First, look at the global configuration just omitted:

global
    log         127.0.0.1 local2 #ip sent by the log and the level of the log

    chroot      /var/lib/haproxy #The root directory of haproxy runtime
    pidfile     /var/run/haproxy.pid 
    maxconn     4000             #maximum connection  
    user        haproxy
    group       haproxy
    daemon                       #Background operation

The log local2 defined here
Based on this, we modify the configuration file of rsyslg service to define the level of log in a log file.
/ etc/rsyslog.conf Add the following line

local2.*                            /var/log/haproxy.log

Because udp is used for log sending, the following two options are also turned on

$ModLoad imudp
$UDPServerRun 514

Restart the log service, and then restart haproxy to see if / var/log/haproxy has content, and if there is content, the log orientation is successful.

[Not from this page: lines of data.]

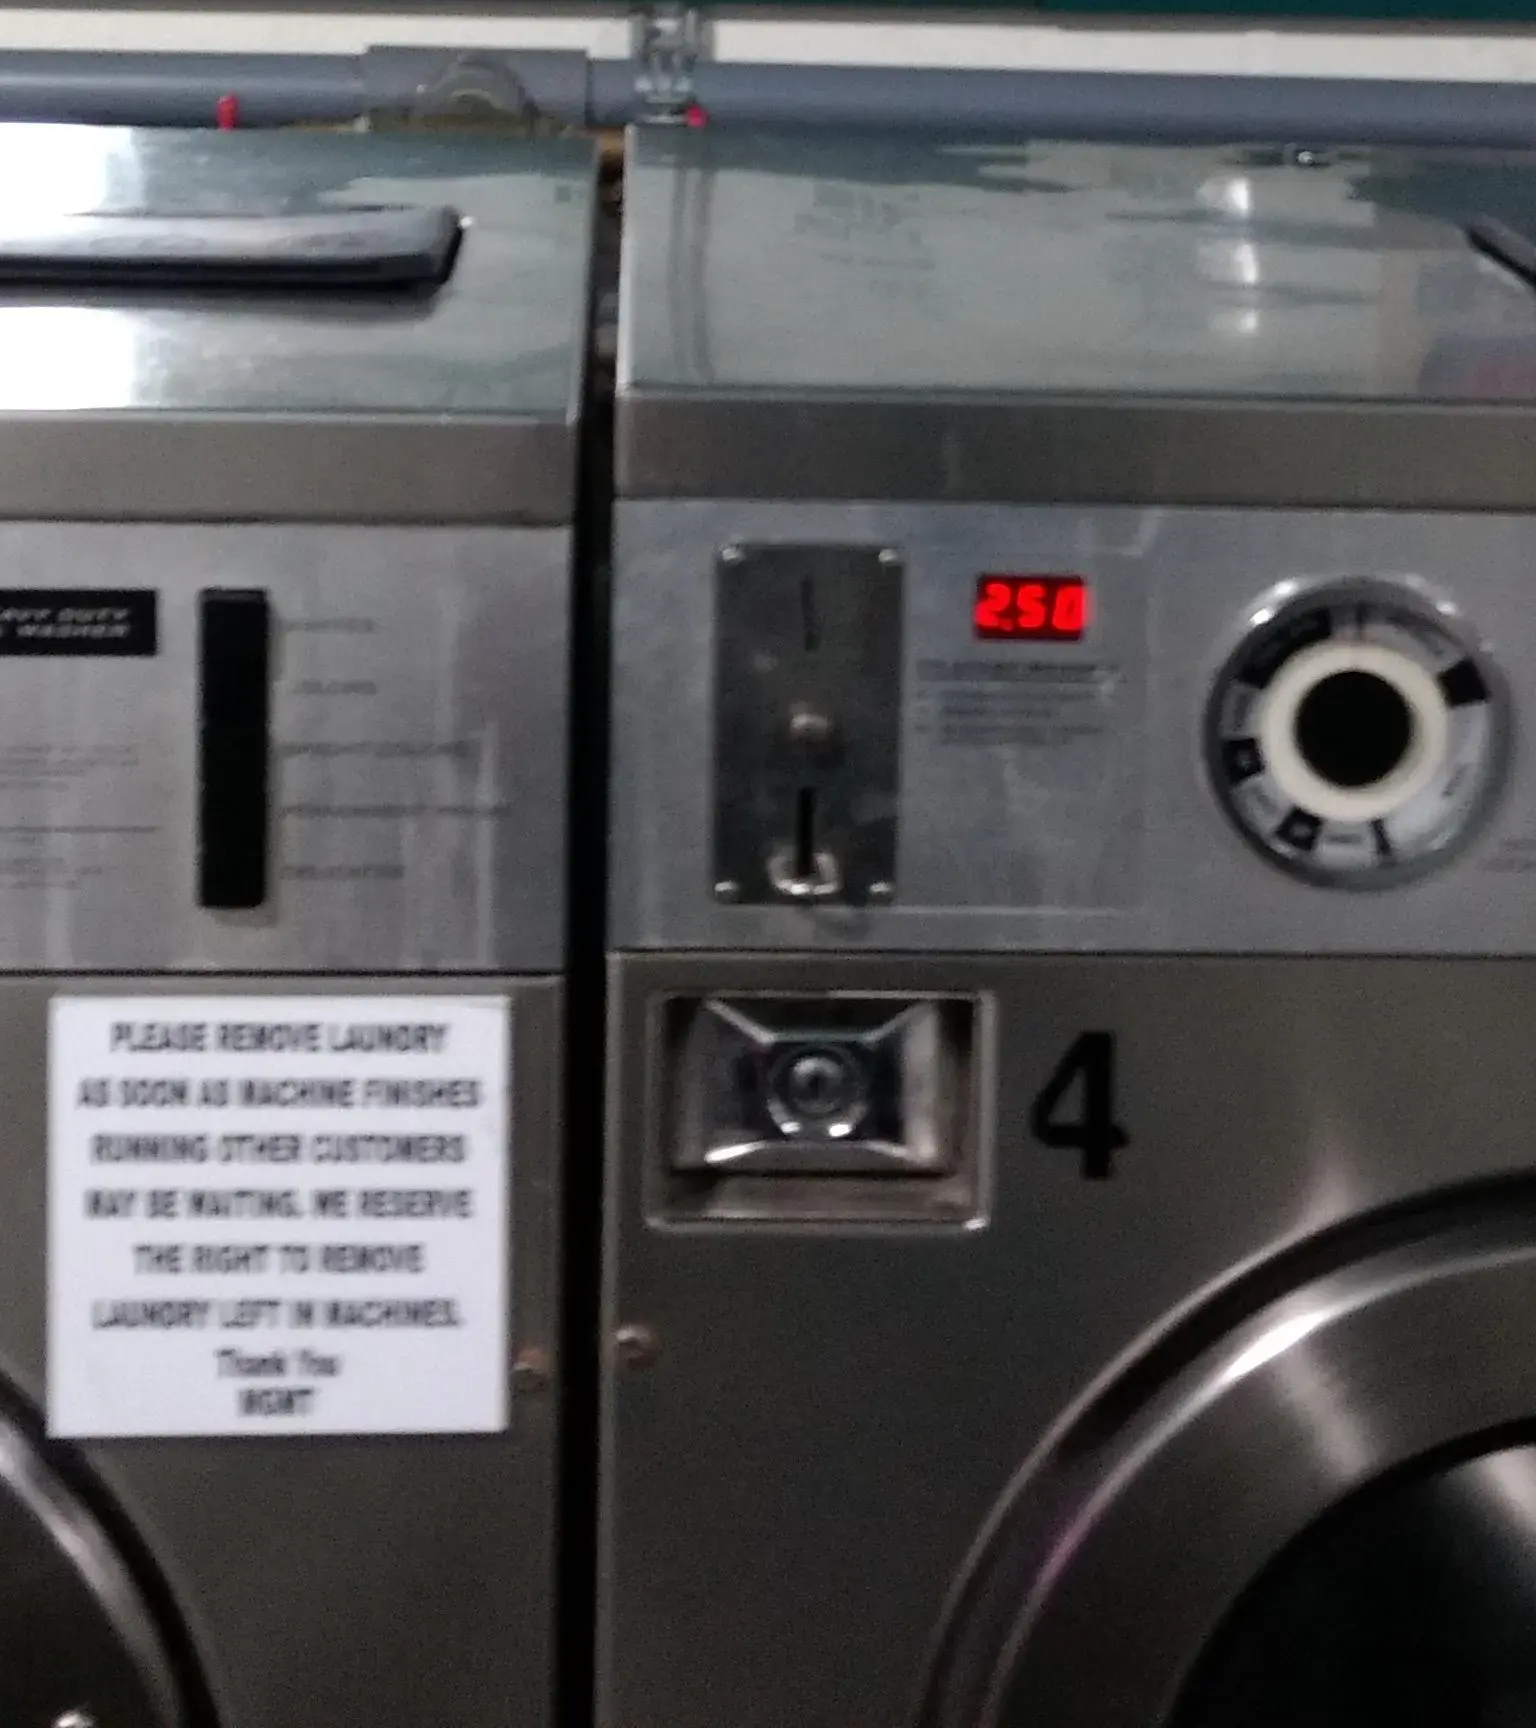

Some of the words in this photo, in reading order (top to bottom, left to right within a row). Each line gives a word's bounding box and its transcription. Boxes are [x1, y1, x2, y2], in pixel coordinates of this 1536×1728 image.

[111, 1022, 208, 1053] PLEASE
[215, 1022, 323, 1053] REMOVE
[328, 1022, 450, 1054] LAUNDRY
[77, 1078, 112, 1108] AS
[117, 1078, 190, 1108] SOON
[197, 1079, 231, 1108] AS
[238, 1078, 356, 1109] MACHINE
[362, 1078, 483, 1109] FINISHES
[1030, 1030, 1130, 1180] 4
[89, 1133, 209, 1164] RUNNING
[217, 1133, 304, 1164] OTHER
[311, 1133, 466, 1164] CUSTOMERS
[85, 1189, 138, 1219] MAY
[146, 1188, 179, 1219] BE
[311, 1189, 350, 1219] WE
[357, 1188, 473, 1219] RESERVE
[133, 1243, 184, 1275] THE
[191, 1243, 269, 1275] RIGHT
[279, 1243, 309, 1275] TO
[320, 1243, 426, 1275] REMOVE
[92, 1298, 210, 1330] LAUNDRY
[218, 1298, 283, 1330] LEFT
[289, 1298, 313, 1330] IN
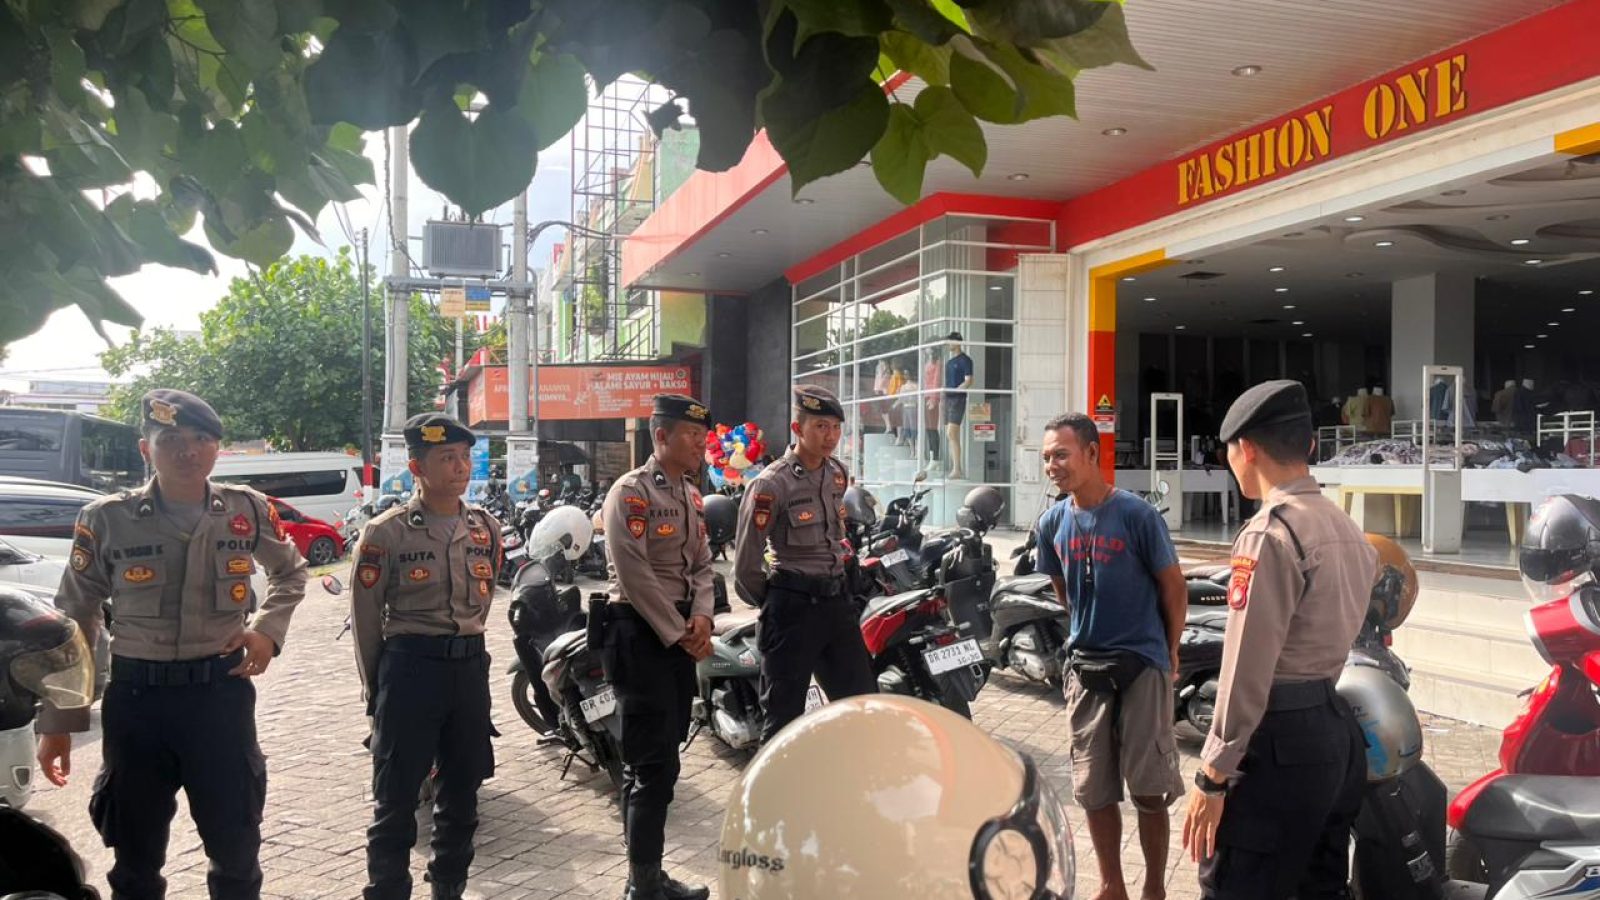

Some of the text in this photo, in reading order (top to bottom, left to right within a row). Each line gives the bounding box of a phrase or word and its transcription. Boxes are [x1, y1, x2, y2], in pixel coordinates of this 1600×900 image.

[1178, 54, 1467, 205] FASHION ONE
[624, 371, 648, 380] AYAM
[624, 381, 651, 389] SAYUR
[660, 380, 687, 389] BAKSO
[400, 551, 436, 563] SUTA
[928, 652, 941, 664] DR
[582, 699, 597, 711] DR

[root@ha1 ~]# cat /var/log/haproxy.log 
Mar 18 22:08:15 localhost haproxy[1394]: Proxy mo started.
Mar 18 22:08:15 localhost haproxy[1394]: Proxy stats_auth started.

Four Access Restrictions

Access restriction is that access to an ip is directed to an error interface, so that the ip can not access normal services.

frontend  mo *:80
        acl invalid_src src 172.25.3.250/24
        block if invalid_src
        default_backend             app

backend app
    balance     roundrobin
    server      static 172.25.3.102:80 check

#listen mo *:80
#   balance     roundrobin
#  server      static 172.25.3.102 check
#    server      static 172.25.3.103 check

The most important thing in the above configuration is acl. Through acl, we define an illegal source ip, which can be either a host address or a network address. When this IP is accessed, we block.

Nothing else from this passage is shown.